*** Available data ***

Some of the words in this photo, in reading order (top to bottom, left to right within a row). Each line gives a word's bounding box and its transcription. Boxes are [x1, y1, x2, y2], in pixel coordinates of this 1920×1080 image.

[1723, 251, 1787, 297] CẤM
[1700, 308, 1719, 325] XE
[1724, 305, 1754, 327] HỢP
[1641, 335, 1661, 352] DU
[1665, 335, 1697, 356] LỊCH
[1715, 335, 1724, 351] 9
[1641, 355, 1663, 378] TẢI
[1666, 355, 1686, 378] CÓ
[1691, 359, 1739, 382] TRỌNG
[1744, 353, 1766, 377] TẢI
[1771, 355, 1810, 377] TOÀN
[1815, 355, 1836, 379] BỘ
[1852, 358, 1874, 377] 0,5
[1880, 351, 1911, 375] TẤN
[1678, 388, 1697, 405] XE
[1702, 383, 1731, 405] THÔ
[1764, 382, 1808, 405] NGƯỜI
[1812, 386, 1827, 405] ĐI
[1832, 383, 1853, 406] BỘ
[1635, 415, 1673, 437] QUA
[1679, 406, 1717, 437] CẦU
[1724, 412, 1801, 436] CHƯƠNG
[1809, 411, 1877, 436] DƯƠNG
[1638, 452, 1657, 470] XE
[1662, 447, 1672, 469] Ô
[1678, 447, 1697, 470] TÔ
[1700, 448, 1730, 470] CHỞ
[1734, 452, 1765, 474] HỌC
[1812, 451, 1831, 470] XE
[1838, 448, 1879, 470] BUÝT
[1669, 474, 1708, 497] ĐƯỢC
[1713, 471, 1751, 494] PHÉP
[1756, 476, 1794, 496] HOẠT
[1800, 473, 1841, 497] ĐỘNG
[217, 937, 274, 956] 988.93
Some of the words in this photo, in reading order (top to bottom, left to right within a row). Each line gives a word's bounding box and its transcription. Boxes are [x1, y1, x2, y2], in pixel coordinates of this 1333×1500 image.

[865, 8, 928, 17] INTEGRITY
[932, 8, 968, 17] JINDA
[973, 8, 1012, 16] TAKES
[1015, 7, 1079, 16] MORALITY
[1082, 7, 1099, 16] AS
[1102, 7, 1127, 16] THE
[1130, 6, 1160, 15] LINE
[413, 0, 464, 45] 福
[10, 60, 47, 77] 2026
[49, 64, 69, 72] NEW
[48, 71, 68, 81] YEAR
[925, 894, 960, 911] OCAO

*** End of Available data ***

• What is required: The records above need to be written out once more, exactly.

• Result below:
Some of the words in this photo, in reading order (top to bottom, left to right within a row). Each line gives a word's bounding box and its transcription. Boxes are [x1, y1, x2, y2], in pixel coordinates of this 1920×1080 image.

[1723, 251, 1787, 297] CẤM
[1700, 308, 1719, 325] XE
[1724, 305, 1754, 327] HỢP
[1641, 335, 1661, 352] DU
[1665, 335, 1697, 356] LỊCH
[1715, 335, 1724, 351] 9
[1641, 355, 1663, 378] TẢI
[1666, 355, 1686, 378] CÓ
[1691, 359, 1739, 382] TRỌNG
[1744, 353, 1766, 377] TẢI
[1771, 355, 1810, 377] TOÀN
[1815, 355, 1836, 379] BỘ
[1852, 358, 1874, 377] 0,5
[1880, 351, 1911, 375] TẤN
[1678, 388, 1697, 405] XE
[1702, 383, 1731, 405] THÔ
[1764, 382, 1808, 405] NGƯỜI
[1812, 386, 1827, 405] ĐI
[1832, 383, 1853, 406] BỘ
[1635, 415, 1673, 437] QUA
[1679, 406, 1717, 437] CẦU
[1724, 412, 1801, 436] CHƯƠNG
[1809, 411, 1877, 436] DƯƠNG
[1638, 452, 1657, 470] XE
[1662, 447, 1672, 469] Ô
[1678, 447, 1697, 470] TÔ
[1700, 448, 1730, 470] CHỞ
[1734, 452, 1765, 474] HỌC
[1812, 451, 1831, 470] XE
[1838, 448, 1879, 470] BUÝT
[1669, 474, 1708, 497] ĐƯỢC
[1713, 471, 1751, 494] PHÉP
[1756, 476, 1794, 496] HOẠT
[1800, 473, 1841, 497] ĐỘNG
[217, 937, 274, 956] 988.93
Some of the words in this photo, in reading order (top to bottom, left to right within a row). Each line gives a word's bounding box and its transcription. Boxes are [x1, y1, x2, y2], in pixel coordinates of this 1333×1500 image.

[865, 8, 928, 17] INTEGRITY
[932, 8, 968, 17] JINDA
[973, 8, 1012, 16] TAKES
[1015, 7, 1079, 16] MORALITY
[1082, 7, 1099, 16] AS
[1102, 7, 1127, 16] THE
[1130, 6, 1160, 15] LINE
[413, 0, 464, 45] 福
[10, 60, 47, 77] 2026
[49, 64, 69, 72] NEW
[48, 71, 68, 81] YEAR
[925, 894, 960, 911] OCAO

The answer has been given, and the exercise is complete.